If our mental health teams ask what has happened, our patients never tell us who has inflicted this violence – the fear is always there.  But they tell us their stories, which are invariably awful: your husband decapitated in front of your eyes; your wife raped in front of you and your children while you are tied up, forced to watch. But they only tell us their story once. Afterwards, they always ask the same questions: how can I earn a living, feed my family, rebuild a home. What is my future?

The crisis in Kasai is like a forest fire during the driest summer months; one spark in August 2016 has ignited the whole region. Millions of people have been caught in the crossfire of militia attacks, army repression, and even localised conflicts which have nothing to do with the initial spark, but have exploded due to the chaos that has reigned. And if today Kananga is returning to normal, very worrying sounds are still coming from other places in this region which is the size of Italy. The lack of access due to security issues makes it difficult to tell the difference between rumour and reality. What is for certain is that, even if from the outskirts it seems as if nothing has happened, a human tragedy has unfolded – and is still unfolding.

MSF independently manages the 70 bed trauma wing of the Kananga General Hospital (Kasai Central province). The team rehabilitated the operating theatre and offers free care for victim of violence and accidental trauma. Since April 2017, 238 patients have been hospitalised and 550 surgeries have been performed. MSF also runs mobile clinics in the countryside around Kananga which have to date provided 9,146 consultations.
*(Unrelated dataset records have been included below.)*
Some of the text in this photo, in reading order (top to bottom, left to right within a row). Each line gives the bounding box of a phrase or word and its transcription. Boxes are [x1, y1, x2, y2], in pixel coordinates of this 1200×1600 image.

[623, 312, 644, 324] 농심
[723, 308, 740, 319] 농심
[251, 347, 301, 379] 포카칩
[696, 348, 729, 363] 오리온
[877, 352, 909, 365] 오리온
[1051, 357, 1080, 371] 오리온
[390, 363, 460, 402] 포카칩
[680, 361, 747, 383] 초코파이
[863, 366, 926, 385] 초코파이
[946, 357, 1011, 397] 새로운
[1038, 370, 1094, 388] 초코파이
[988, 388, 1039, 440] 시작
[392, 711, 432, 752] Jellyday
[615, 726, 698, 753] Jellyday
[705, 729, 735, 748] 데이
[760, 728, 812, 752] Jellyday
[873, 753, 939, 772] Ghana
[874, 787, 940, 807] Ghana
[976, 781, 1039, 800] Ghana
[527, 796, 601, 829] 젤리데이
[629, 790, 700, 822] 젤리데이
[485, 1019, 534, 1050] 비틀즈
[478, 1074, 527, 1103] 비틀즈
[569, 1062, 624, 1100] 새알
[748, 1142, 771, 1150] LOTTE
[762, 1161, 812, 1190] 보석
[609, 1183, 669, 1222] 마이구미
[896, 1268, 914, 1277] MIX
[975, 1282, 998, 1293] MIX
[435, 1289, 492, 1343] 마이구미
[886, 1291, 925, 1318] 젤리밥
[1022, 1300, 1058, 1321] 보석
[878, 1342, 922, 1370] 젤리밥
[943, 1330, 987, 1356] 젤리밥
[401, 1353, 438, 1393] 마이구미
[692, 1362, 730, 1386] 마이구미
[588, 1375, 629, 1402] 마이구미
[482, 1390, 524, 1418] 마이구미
Since June 2017, MSF has been supporting three health centers and one general reference hospital in different areas of the city of Tshikapa, in Kasai province. These focus on providing assistance to children under five years of age, to pregnant and lactating women, the wounded, and people with medical emergencies caused by the violence and its consequences. In July, the teams expanded activities to different rural areas around Tshikapa.

MSF teams are also carrying out mobile clinics in rural areas surrounding Dibaya and Tshimbulu, in the south of Kasai Central. The original epicentre of the crisis, many villages have been destroyed and populations fled into the bush, leaving people in an extremely precarious health situation.